Words of Caution on the CMS Meaningful Use Standards

An Interview with Thomas Williams, MD, and Alexis Carter, MD

Thomas WilliamsAlexis CarterElectronic health records (EHRs) parovide many benefits for providers and their patients, but the benefits depend on how well EHRs are implemented and used. The Center for Medicare and Medicaid Services (CMS) has defined a set of standards, commonly known as "meaningful use," that allow eligible providers and hospitals to earn incentive payments if their EHRs meet specific criteria. While the goal of meaningful use is to promote the spread of EHRs and to improve healthcare in the U.S., changes in EHRs are occurring so rapidly that laboratories may not even be aware of potential patient safety dangers.

In this interview, Thomas Williams, MD, and Alexis Carter, MD, provide their perspectives on meaningful use and offer suggestions to manage requests for laboratory data outside of official laboratory reports.
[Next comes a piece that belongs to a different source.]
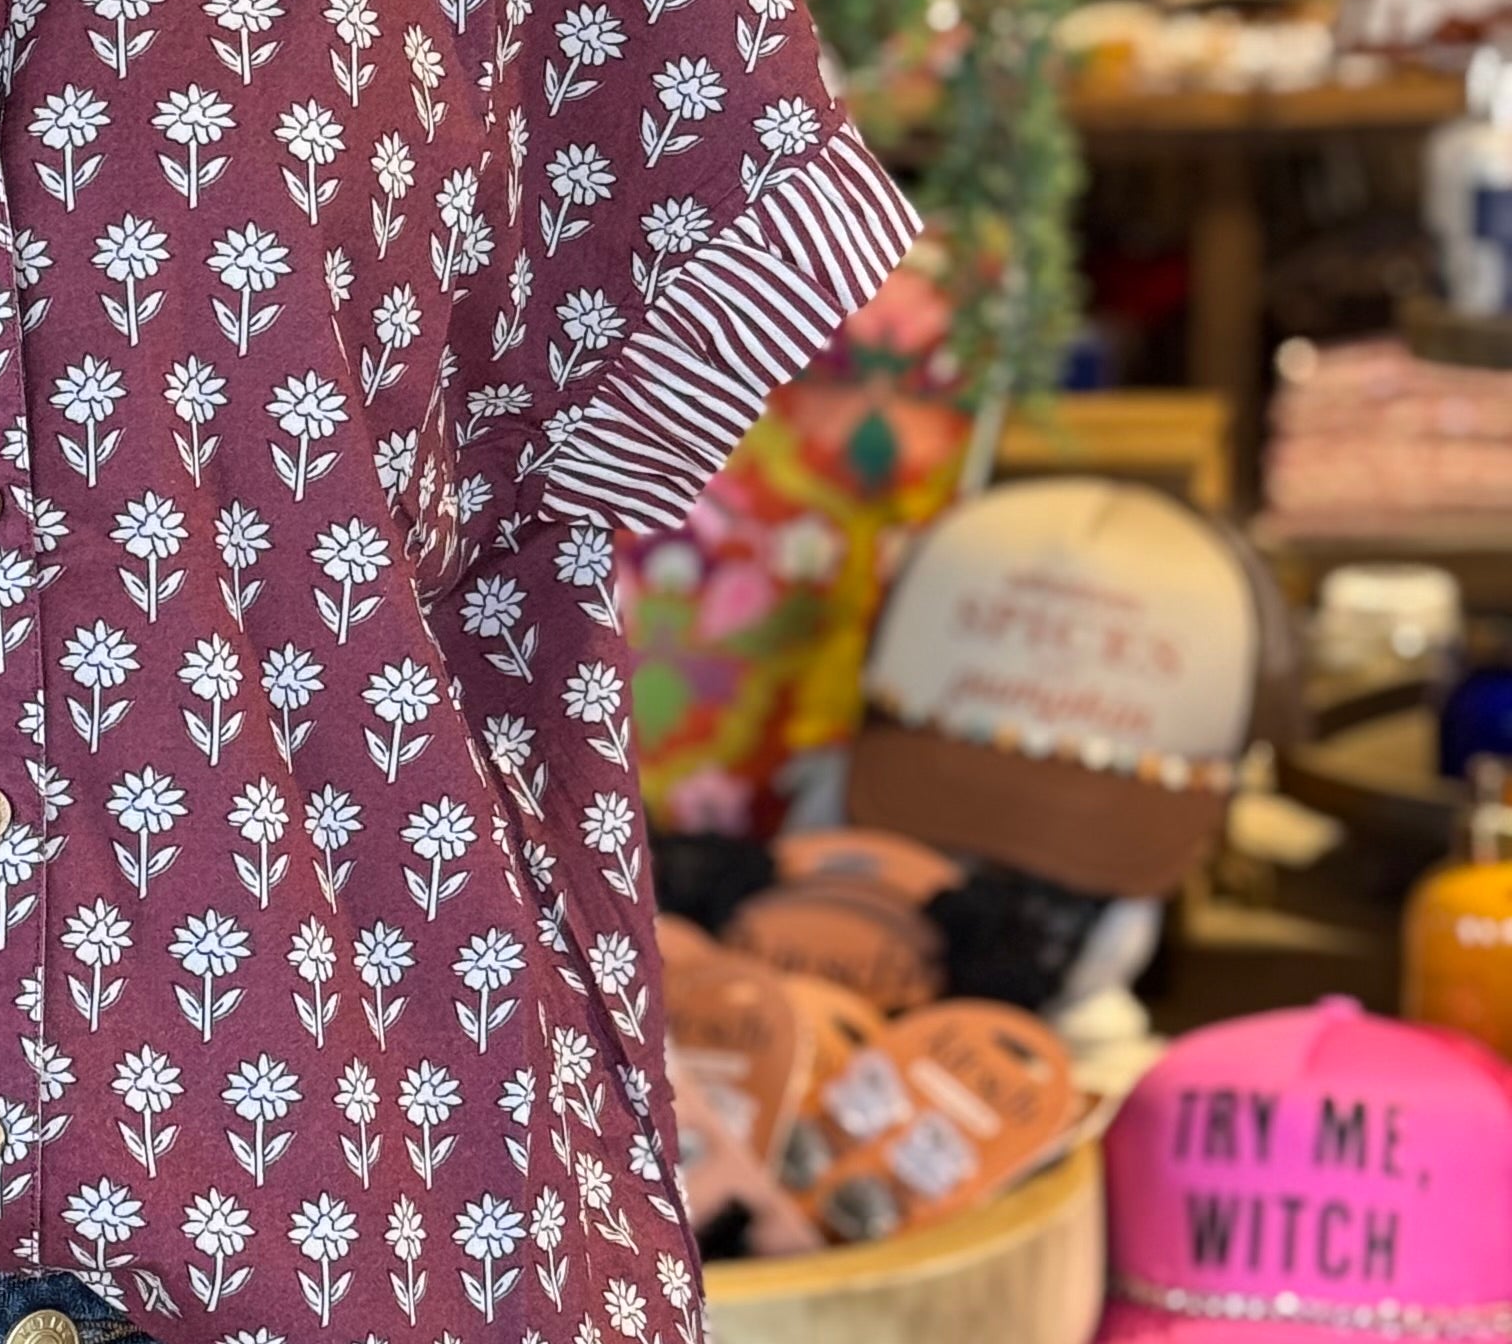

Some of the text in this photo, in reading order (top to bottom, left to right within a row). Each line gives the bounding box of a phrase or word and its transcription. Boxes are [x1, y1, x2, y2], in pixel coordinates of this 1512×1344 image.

Williams is medical director of pathology at Methodist Hospital in Omaha, Neb., while Carter is director of pathology informatics in the department of pathology and laboratory medicine at Emory University School of Medicine in Atlanta. Both pathologists, they served as members of a team organized by the Office of the National Coordinator for Health Information Technology, the U.S. government office responsible for establishing guidelines for meaningful use.

Corinne R. Fantz, PhD, DABCC, FACB conducted this interview.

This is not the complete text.